Like many lives, businesses, and cartoon pirate-ghost ships, some law firms listlessly float with no rudder, taking few risks, not reflecting on issues like why the firm exists (the assumption being that it exists simply to make money, silly!), and taking no risks. This is not the right approach. Just as your life needs a plan, your new and growing law firm needs a plan. And just as in life, if you chart a course to get somewhere meaningful, you’re well on your way to your dreams and lesser goals even if you fall short. You need a plan for that to happen.
The great thing about law firms — until they become large law firms — is that they can exist to serve particular needs of their constituent attorneys and staff, and of the communities they serve, that extend beyond profit, and no matter how unique or peculiar those needs might be. If you’re starting a law firm and your only goal is to make Scrooge McDuck money, I think that’s great — for you. Not for me, but good for you. I knew this kid on our high school football team in Miami who I always thought was spoiled by his parents and not smart enough to enter community college and then to hold down a job assistant-managing a Chili’s. But, by pure happenstance, I saw online this morning that he’s now the founder of one of those personal injury law factories that exists only to generate high incomes for the owners: ads on TV, 35 hot “legal assistants” who actually do all the work. Good for him. I bet he is tonning it.

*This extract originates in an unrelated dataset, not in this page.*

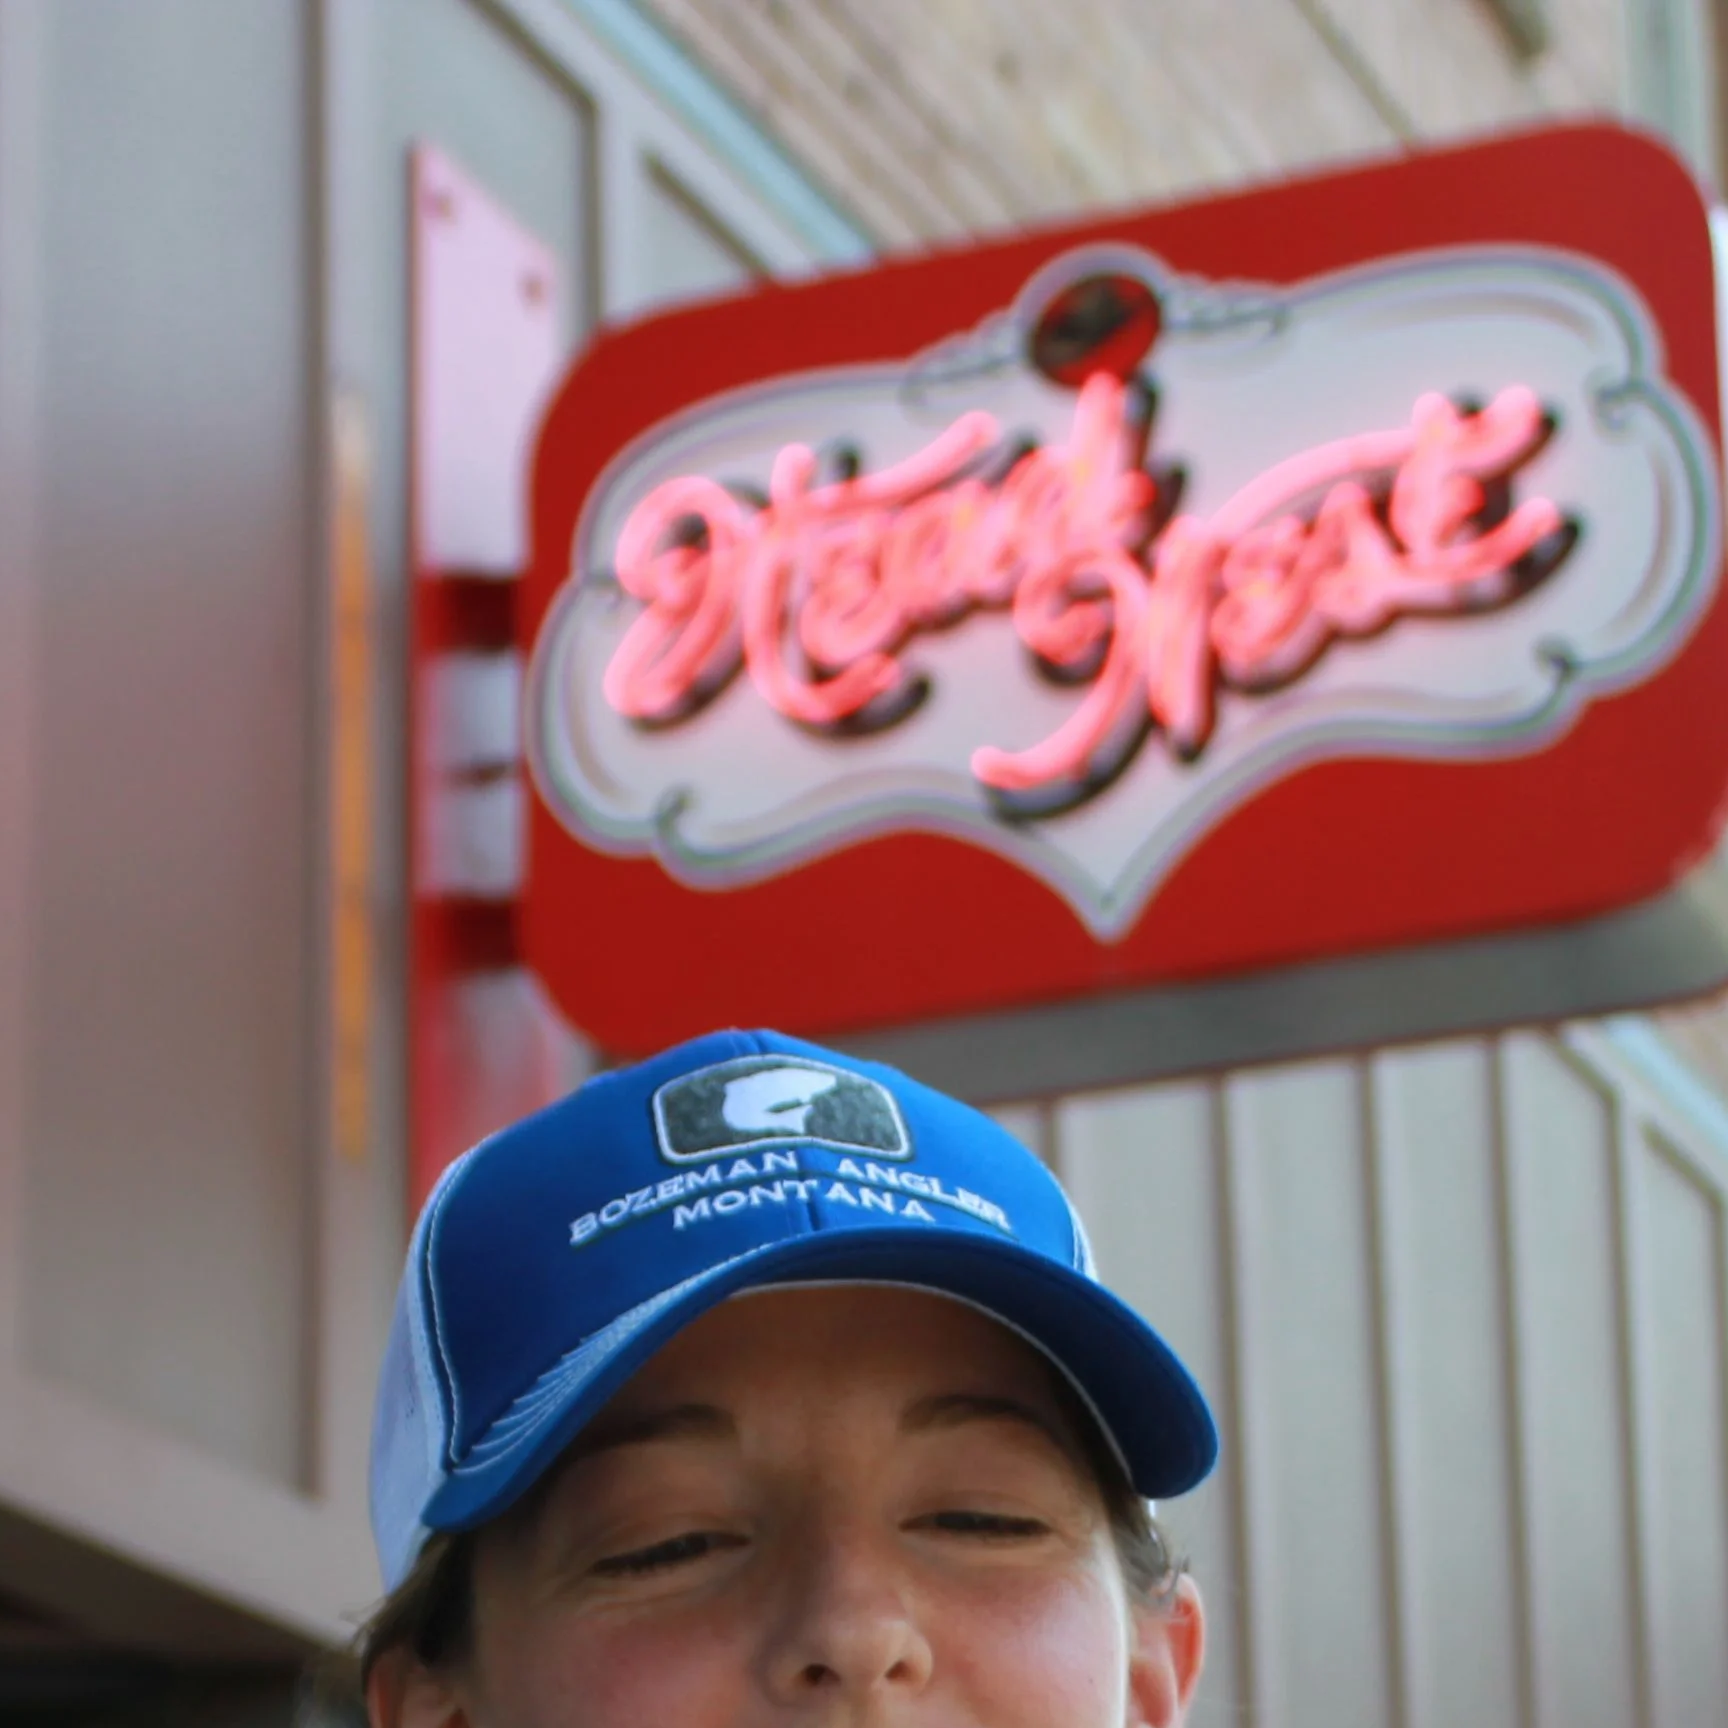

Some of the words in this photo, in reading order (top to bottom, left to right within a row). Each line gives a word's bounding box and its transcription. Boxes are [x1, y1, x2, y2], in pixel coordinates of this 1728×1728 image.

[569, 1150, 799, 1246] BOZEMAN
[836, 1157, 1013, 1232] ANGLER
[672, 1179, 936, 1231] MONTANA

But, unlike a publicly-traded corporation, we can create our law firm for any purposes we want. At our firm, for instance, we have opted to prioritize representing a wide variety of clients, from all walks of life, alongside the executives, professionals, and companies we normally represent. You may want to prioritize a firm culture that promotes the elusive “work-life balance.” Perhaps you are a Biglaw refugee and your goal is to work at home and never add even a paralegal so you can make just enough to cover the basic bills and spend most of your time writing songs and backpacking in Montana. Whatever your goals are, cool.

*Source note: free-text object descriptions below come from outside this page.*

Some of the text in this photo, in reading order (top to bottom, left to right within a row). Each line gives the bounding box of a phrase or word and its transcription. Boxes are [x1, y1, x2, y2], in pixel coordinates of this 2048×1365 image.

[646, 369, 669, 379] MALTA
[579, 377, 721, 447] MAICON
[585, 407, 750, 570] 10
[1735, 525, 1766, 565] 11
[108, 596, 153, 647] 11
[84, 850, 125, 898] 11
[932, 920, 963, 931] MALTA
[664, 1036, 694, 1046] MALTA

But sit and think about what those goals are at the beginning, write your conclusions down, reflect on and write down how you will get there, and revise often. If we are not intentional about those purposes, we may not get anywhere at all. I’ve even seen large firms that, withstanding all their corporate retreat “firm planning” boondoggles, fall victim to that malaise. They never evolved in their market, and uncomfortably and slowly expired.
Before I started Terpening Law, I put pen to paper and prepared a detailed plan for how I wanted the firm to look in the future, and what its values and goals were at the time I started the firm.
My initial list included:
- Serve a large spectrum of the community by finding time for Court-appointed, reduced fee, and pro bono clients alongside the CEOs, CFOs, doctors, lawyers, and businesses we mostly represent.
- Be a traditional, old-school firm that exists to counsel, provide guidance, and help people to resolve disputes and live harmoniously with each other.
- Actually go to court and try cases, rather than fearing trials like many lawyers these days.
- Unwavering commitment to work product that excels any law firm’s work product, even the largest and best firms in the country.
- Be the highest-quality litigation boutique in the Charlotte area, capable of doing excellent work in all manner of challenging litigation, and grow to the 10-15 top-notch litigators necessary to do that within five years.
- Make money (duh!) for myself and help my clients thrive too.
- Et cetera.
I revised that list over time. For example, I painfully came to realize that it is easy to grow by adding litigators, but “top-notch” litigators who fit in with our goal of excellence are hard to come by. Particularly “top-notch” litigators who want to take a chance on a fledgling startup law firm. In my rush to grow the firm by adding what I regarded as enough lawyers and staff to properly handle the most difficult litigation, I made personnel and hiring mistakes. So I have revised the plan. We are still trying to evolve into the strongest litigation boutique in town, and we need to add people to do that, but I have learned that it is more important to get the right people on board, even if that means slower growth. As a corollary, I have learned that most of our growth has to come by training and promoting from within — that’s the only way we can be sure that every lawyer and staff member at the firm does things our way, to our standards, and with our level of dedication. Your approach and your results may vary, depending on what your other goals are.
Your vision, your plan, your mantra — whatever you call it, the terms are legion — informs everything your firm winds up doing: how it markets and the message it sends to those outside the firm, how you train people, how you treat people, how you do your work. By “you” I mean the firm and everyone in it. Taking the time to develop your plan and revisit it often will simplify all of these other tasks and keep you focused on both the big picture and what is important. Be creative and be bold. But most importantly, be something. Have a plan so your firm can be something, and can be something that is unique and different from all the other somethings out there.
Will Terpening, Charlotte, Dec. 2019.